### WORK ORDER
Pictures do not belong in the copy; restate the records below word for word.

### GIVEN RECORDS
··········

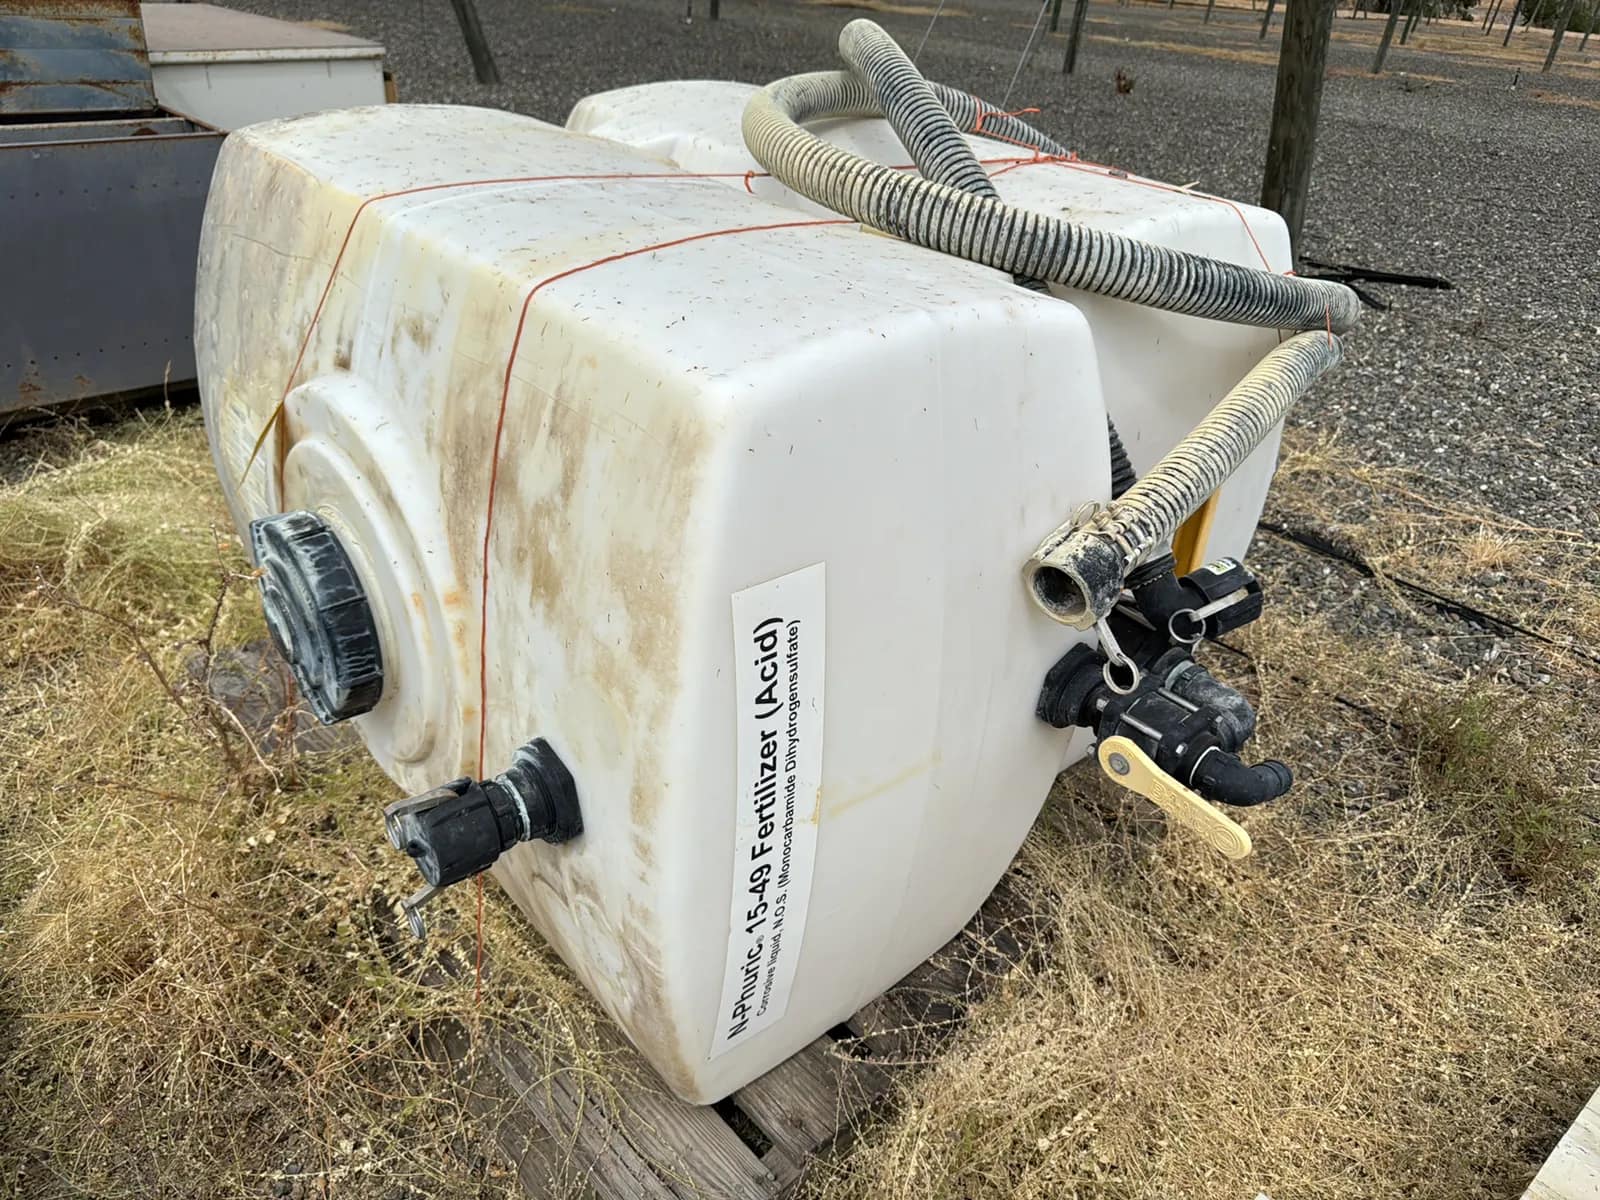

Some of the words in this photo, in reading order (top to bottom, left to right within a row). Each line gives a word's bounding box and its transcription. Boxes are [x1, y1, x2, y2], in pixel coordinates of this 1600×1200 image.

[753, 617, 784, 719] (Acid)
[785, 619, 801, 773] Dihydrogensulfate)
[751, 730, 778, 861] Fertilizer
[777, 774, 796, 889] (Monocarbamide
[745, 863, 771, 934] 15-49
[772, 889, 788, 930] N.O.S.
[767, 929, 783, 967] liquid,
[756, 966, 776, 1017] Corrosive
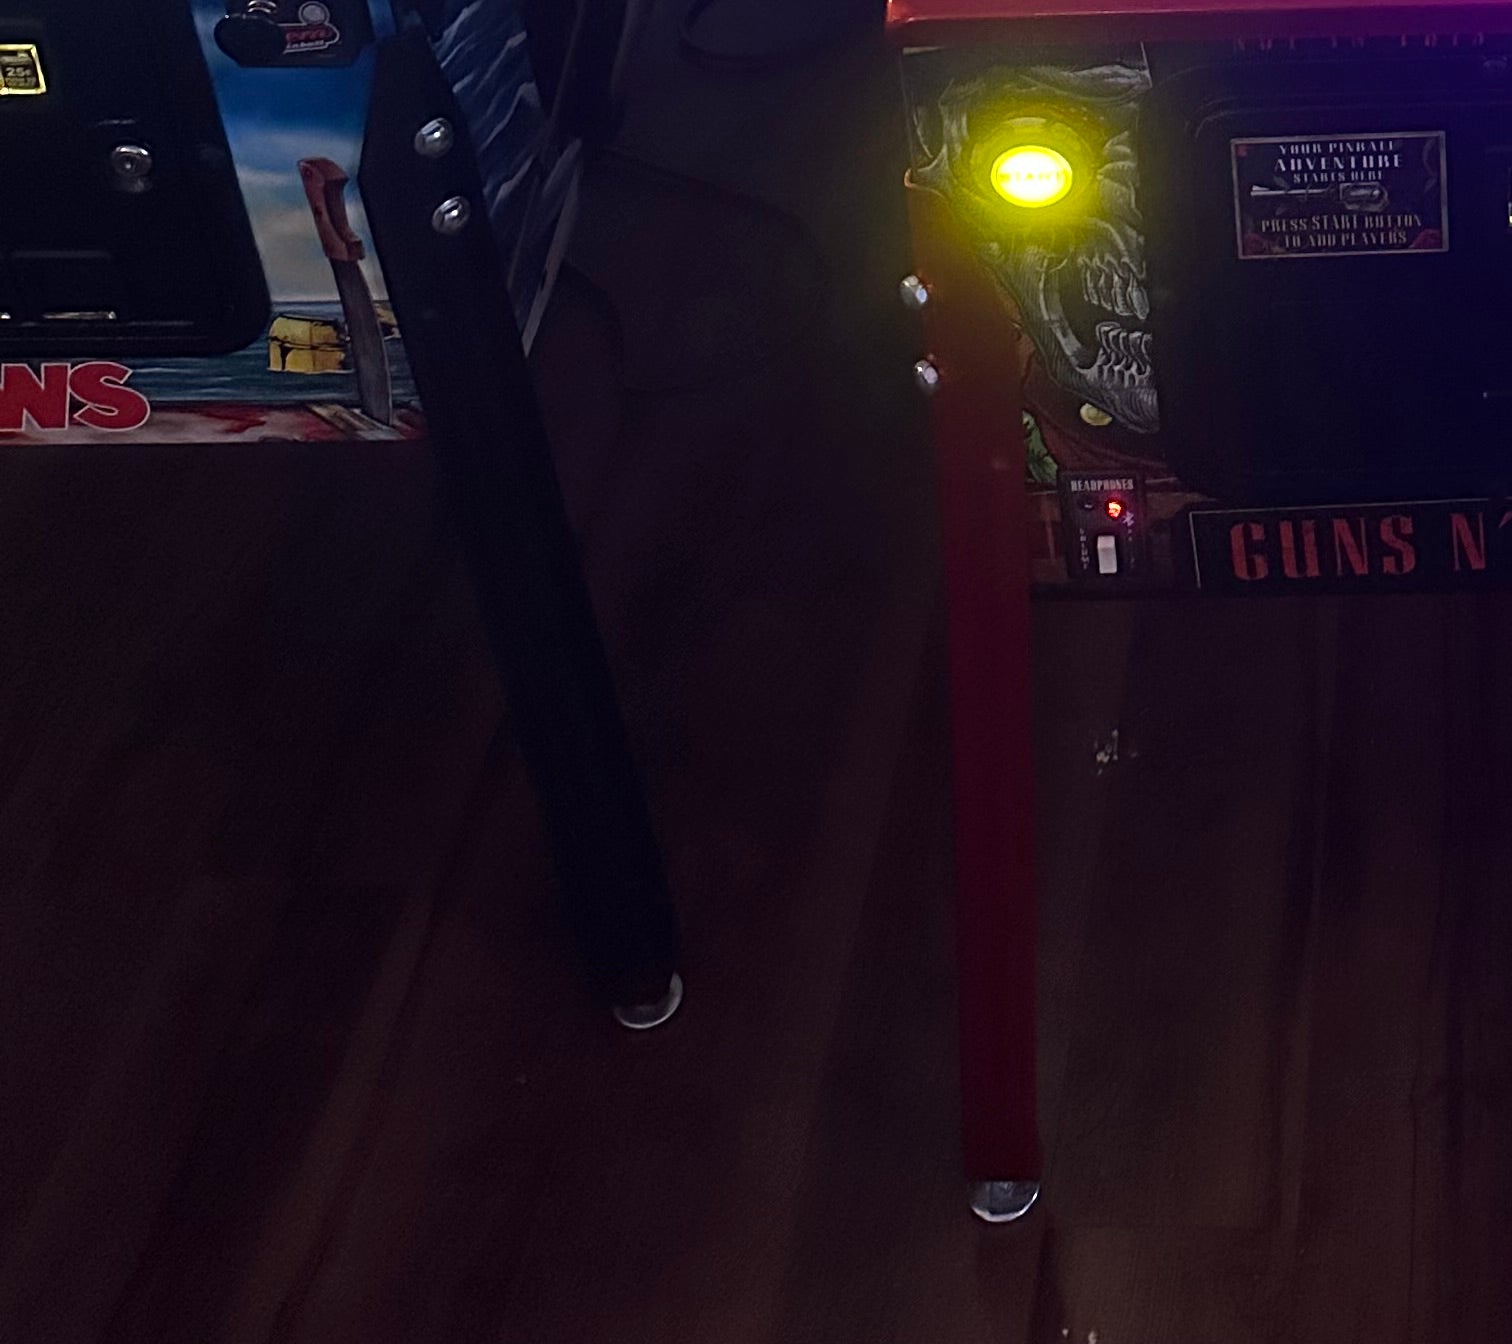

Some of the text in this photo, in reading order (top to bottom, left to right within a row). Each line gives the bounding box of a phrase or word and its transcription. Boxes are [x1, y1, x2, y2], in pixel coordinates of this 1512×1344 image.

··········

### TASK OUTPUT
Some of the words in this photo, in reading order (top to bottom, left to right within a row). Each line gives a word's bounding box and its transcription. Boxes are [x1, y1, x2, y2], in pixel coordinates of this 1600×1200 image.

[753, 617, 784, 719] (Acid)
[785, 619, 801, 773] Dihydrogensulfate)
[751, 730, 778, 861] Fertilizer
[777, 774, 796, 889] (Monocarbamide
[745, 863, 771, 934] 15-49
[772, 889, 788, 930] N.O.S.
[767, 929, 783, 967] liquid,
[756, 966, 776, 1017] Corrosive

Some of the text in this photo, in reading order (top to bottom, left to right within a row). Each line gives the bounding box of a phrase or word and its transcription. Boxes are [x1, y1, x2, y2], in pixel coordinates of this 1512×1344 image.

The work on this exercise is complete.